CNN Negative Number of Parameters

Question:

I am trying to build a CNN model with keras. When i add two blocks of Conv3D and MaxPooling, everything is normal. However, once the third block is added (as shown in the code) the number of trainable parameters gets negative value. Any idea how this can happen?

model = keras.models.Sequential()

# # # First Block
model.add(Conv2D(filters=16, kernel_size=(5, 5), padding='valid', input_shape=(157, 462, 14), activation = 'tanh' ))
model.add(MaxPooling2D( (2,2) ))

# # # Second Block     
model.add(Conv2D(filters=32, kernel_size=(5, 5), padding='valid', activation = 'tanh'))
model.add(MaxPooling2D( (2, 2) ))

# # # Third Block   
model.add(Conv2D(filters=64, kernel_size=(5, 5), padding='valid', activation = 'tanh'))
model.add(MaxPooling2D( (2, 2) ))

model.add(Flatten())
model.add(Dense(157 * 462))
model.compile(loss='mean_squared_error',
              optimizer=keras.optimizers.Adamax(),
               metrics=['mean_absolute_error'])

print(model.summary())

The result of this code is the following:

Layer (type)                 Output Shape              Param #   
=================================================================
conv2d_1 (Conv2D)            (None, 153, 458, 16)      5616      
_________________________________________________________________
max_pooling2d_1 (MaxPooling2 (None, 76, 229, 16)       0         
_________________________________________________________________
conv2d_2 (Conv2D)            (None, 72, 225, 32)       12832     
_________________________________________________________________
max_pooling2d_2 (MaxPooling2 (None, 36, 112, 32)       0         
_________________________________________________________________
conv2d_3 (Conv2D)            (None, 32, 108, 64)       51264     
_________________________________________________________________
max_pooling2d_3 (MaxPooling2 (None, 16, 54, 64)        0         
_________________________________________________________________
flatten_1 (Flatten)          (None, 55296)             0         
_________________________________________________________________
dense_1 (Dense)              (None, 72534)             -284054698
=================================================================
Total params: -283,984,986
Trainable params: -283,984,986
Non-trainable params: 0
_________________________________________________________________
None
Asked By: Nijat

||

Answers:

Yes, of course, your Dense layer has a weight matrix of size 55296 x 72534, which contains 4010840064 numbers, that is 4010 million parameters.

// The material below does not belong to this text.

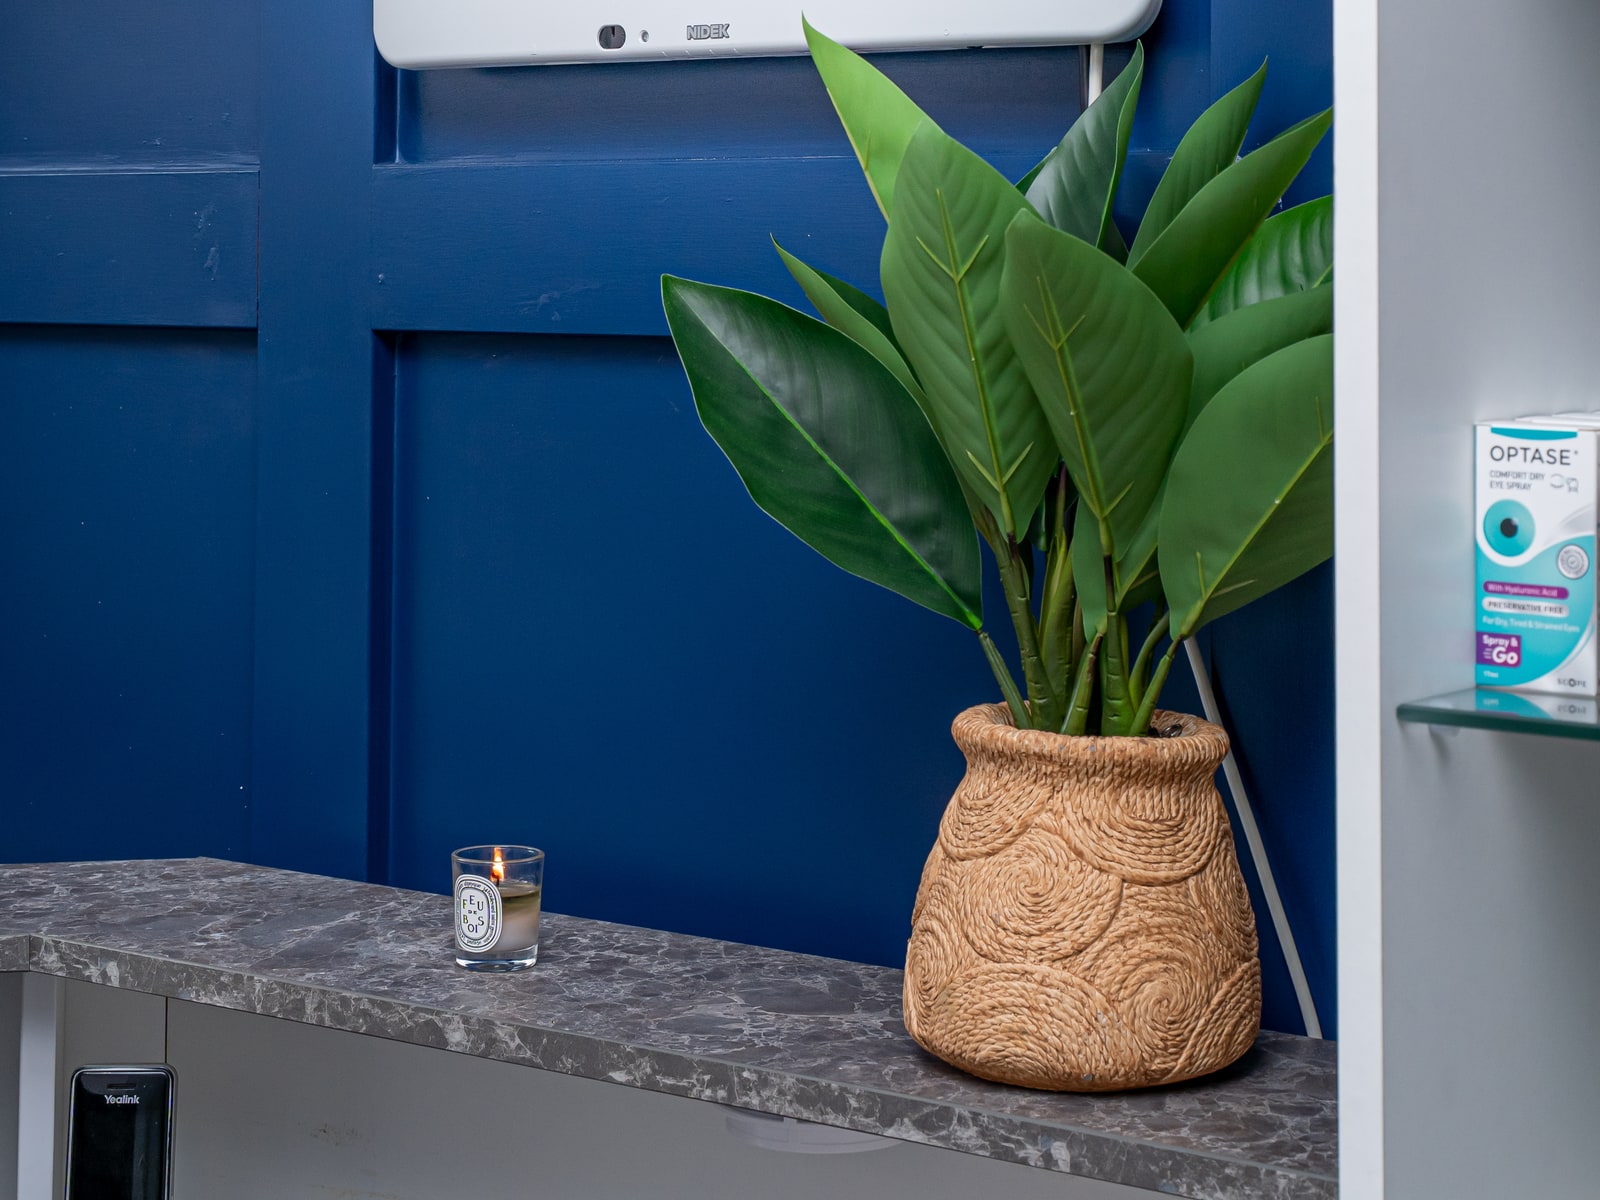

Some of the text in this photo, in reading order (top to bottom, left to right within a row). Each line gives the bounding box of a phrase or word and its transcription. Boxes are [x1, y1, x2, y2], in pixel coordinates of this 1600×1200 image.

Somewhere in the Keras code the number of parameters is stored as an int32, and that means there is a limit to what numbers it can store, namely 2^32 - 1 = 2147483647, and now you can see, your 4010 million parameters is larger than 2^32 - 1, so the number overflows into the negative side of an integer.

I would recommend not making a model with such large number of parameters, you would not be able to train it anyway without a a huge amount of RAM.

Answered By: Dr. Snoopy

The problem is because you are running your code in CPU due to which the backend of keras tensorflow or theano are able to work properly. I was able to run your code perfectly with GPU in google colab and this is what I got

_________________________________________________________________
Layer (type)                 Output Shape              Param #   
=================================================================
conv2d_1 (Conv2D)            (None, 153, 458, 16)      5616      
_________________________________________________________________
max_pooling2d_1 (MaxPooling2 (None, 76, 229, 16)       0         
_________________________________________________________________
conv2d_2 (Conv2D)            (None, 72, 225, 32)       12832     
_________________________________________________________________
max_pooling2d_2 (MaxPooling2 (None, 36, 112, 32)       0         
_________________________________________________________________
conv2d_3 (Conv2D)            (None, 32, 108, 64)       51264     
_________________________________________________________________
max_pooling2d_3 (MaxPooling2 (None, 16, 54, 64)        0         
_________________________________________________________________
flatten_1 (Flatten)          (None, 55296)             0         
_________________________________________________________________
dense_1 (Dense)              (None, 72534)             4010912598
=================================================================
Total params: 4,010,982,310
Trainable params: 4,010,982,310
Non-trainable params: 0

I recommend you to use GPU for training such a huge network.